Quelles sont les prochaines étapes à venir ?

Nous avons recruté une cheffe de projet dédiée à cette mission IAG, qui est arrivée le 1er octobre. Elle va piloter l’observatoire, animer le réseau, structurer son fonctionnement, organiser les réunions et le plan de travail.

En juillet, nous avons commencé à travailler avec une première communauté métier, les assistants administratifs, que nous venons de clore. Nous allons poursuivre nos efforts avec les agents de la DSN et de la DRH autour de l’usage de chatbots, puis avec une autre communauté métier, celle des agents en charge des enjeux de traduction.

En parallèle, nous avançons sur le RAG avec l’Université de Rennes, pour disposer d’un outil maison courant 2026, adapté à des usages professionnels réels et répétés.

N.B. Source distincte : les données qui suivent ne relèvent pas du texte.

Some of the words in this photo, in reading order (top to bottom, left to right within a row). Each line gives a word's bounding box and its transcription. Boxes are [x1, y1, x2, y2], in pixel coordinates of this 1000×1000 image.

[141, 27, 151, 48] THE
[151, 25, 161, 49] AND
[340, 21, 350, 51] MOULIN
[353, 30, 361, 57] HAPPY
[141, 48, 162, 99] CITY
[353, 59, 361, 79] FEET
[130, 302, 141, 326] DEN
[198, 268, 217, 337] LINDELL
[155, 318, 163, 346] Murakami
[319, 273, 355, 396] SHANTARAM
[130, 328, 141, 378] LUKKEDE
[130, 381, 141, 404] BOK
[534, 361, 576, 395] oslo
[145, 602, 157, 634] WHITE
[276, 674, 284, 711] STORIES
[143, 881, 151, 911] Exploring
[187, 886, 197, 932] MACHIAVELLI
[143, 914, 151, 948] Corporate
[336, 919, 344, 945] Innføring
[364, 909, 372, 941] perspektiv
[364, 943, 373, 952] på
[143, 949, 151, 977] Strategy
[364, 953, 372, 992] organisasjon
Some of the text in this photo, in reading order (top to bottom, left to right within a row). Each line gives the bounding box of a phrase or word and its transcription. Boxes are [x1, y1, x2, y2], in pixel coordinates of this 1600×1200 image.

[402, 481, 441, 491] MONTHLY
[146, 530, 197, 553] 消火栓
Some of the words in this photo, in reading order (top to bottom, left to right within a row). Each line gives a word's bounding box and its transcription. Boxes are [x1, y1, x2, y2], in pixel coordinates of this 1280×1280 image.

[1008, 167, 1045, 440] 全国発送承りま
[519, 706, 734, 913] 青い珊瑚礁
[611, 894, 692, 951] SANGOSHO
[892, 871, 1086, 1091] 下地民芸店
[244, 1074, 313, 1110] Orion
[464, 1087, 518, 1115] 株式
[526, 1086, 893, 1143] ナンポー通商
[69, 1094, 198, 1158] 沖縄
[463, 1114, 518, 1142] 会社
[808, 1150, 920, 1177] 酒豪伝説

Pour conclure, quel message souhaitez-vous partager à nos lecteurs à propos de cette mission IAG ?

Notre philosophie, c’est « agir sans subir ». Nous voulons avancer sur l’IA générative, mais sans céder à l’effet « wahou », qui peut être redoutable avec des effets rebonds en termes de consommation ou de déploiements inadaptés.

L’important est de garder le cap et de questionner la pertinence des outils.